Produce an exact transcription of the listing below, omitting the pictures.

#### Records to process:
....................
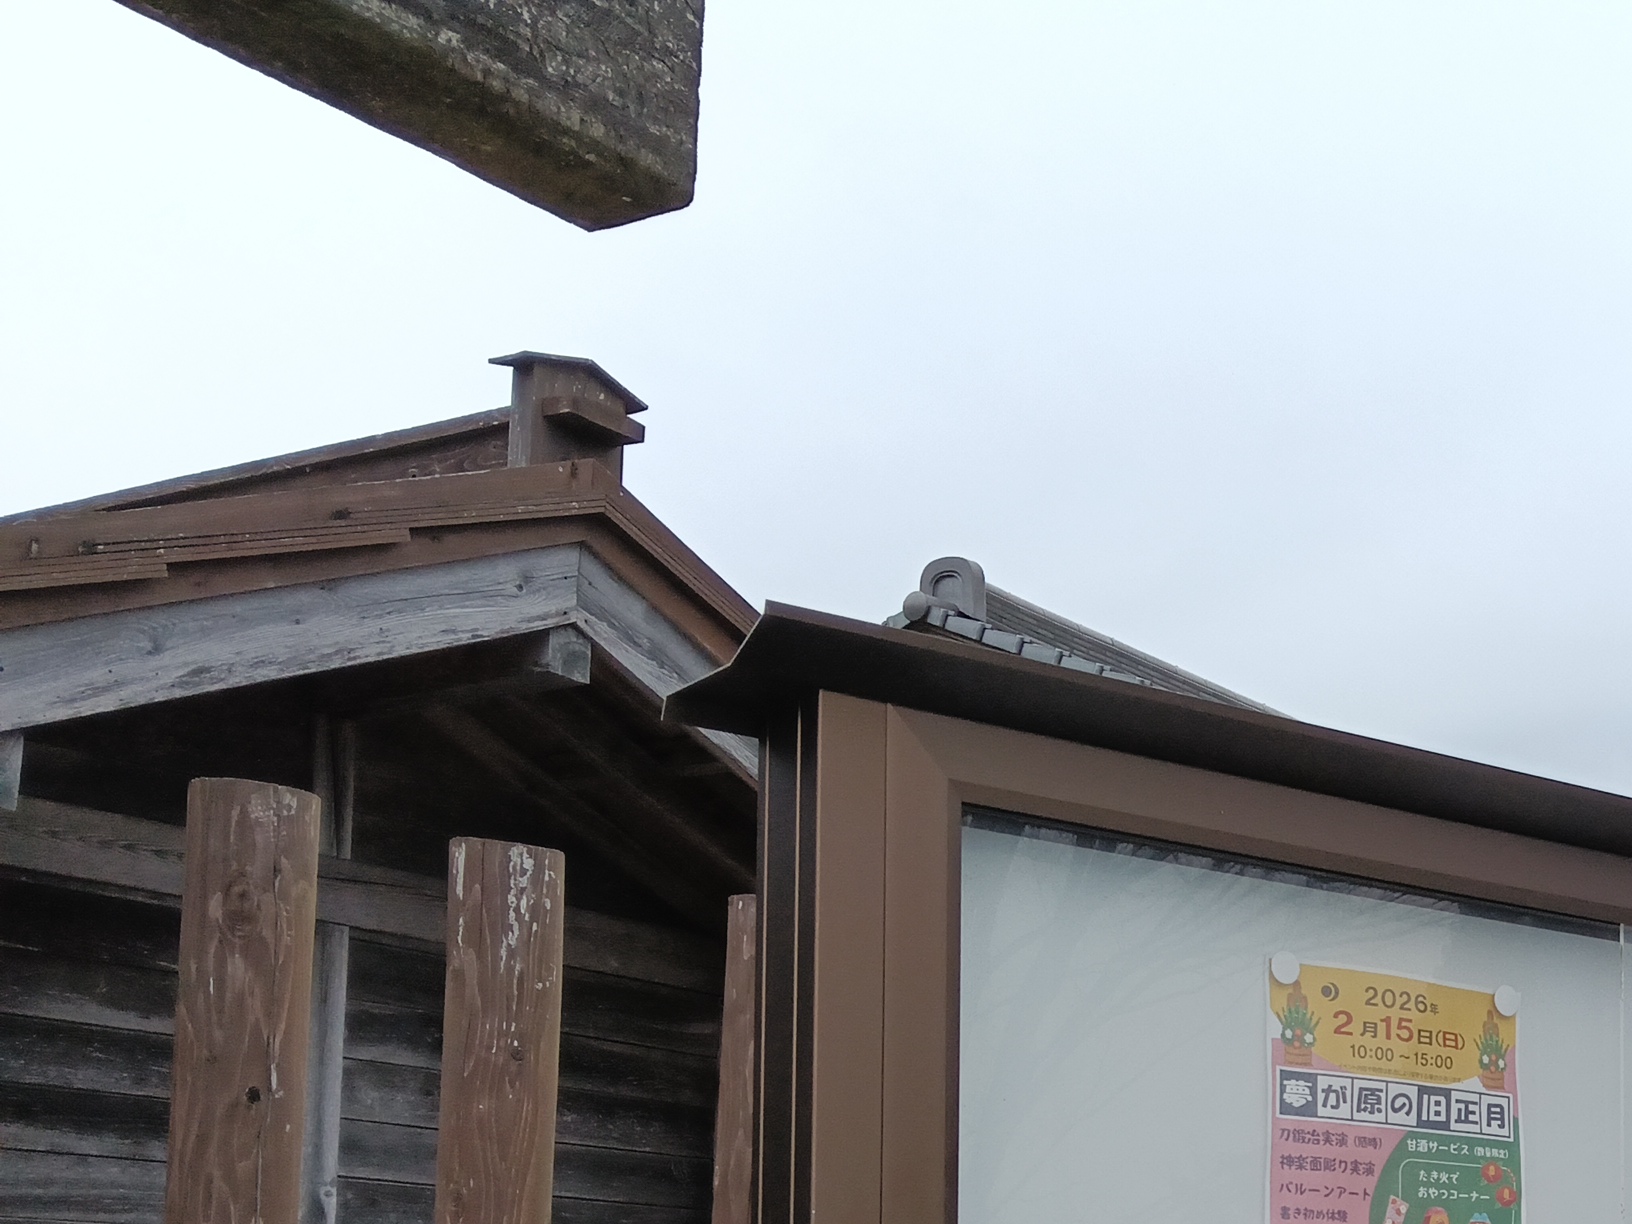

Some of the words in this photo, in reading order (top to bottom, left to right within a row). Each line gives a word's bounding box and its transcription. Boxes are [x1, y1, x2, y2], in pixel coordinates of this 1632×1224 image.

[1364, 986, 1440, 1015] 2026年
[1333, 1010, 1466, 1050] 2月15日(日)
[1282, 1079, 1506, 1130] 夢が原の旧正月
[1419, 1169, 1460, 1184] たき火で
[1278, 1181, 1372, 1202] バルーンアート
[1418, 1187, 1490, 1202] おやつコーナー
....................
#### Task result:
Some of the words in this photo, in reading order (top to bottom, left to right within a row). Each line gives a word's bounding box and its transcription. Boxes are [x1, y1, x2, y2], in pixel coordinates of this 1632×1224 image.

[1364, 986, 1440, 1015] 2026年
[1333, 1010, 1466, 1050] 2月15日(日)
[1282, 1079, 1506, 1130] 夢が原の旧正月
[1419, 1169, 1460, 1184] たき火で
[1278, 1181, 1372, 1202] バルーンアート
[1418, 1187, 1490, 1202] おやつコーナー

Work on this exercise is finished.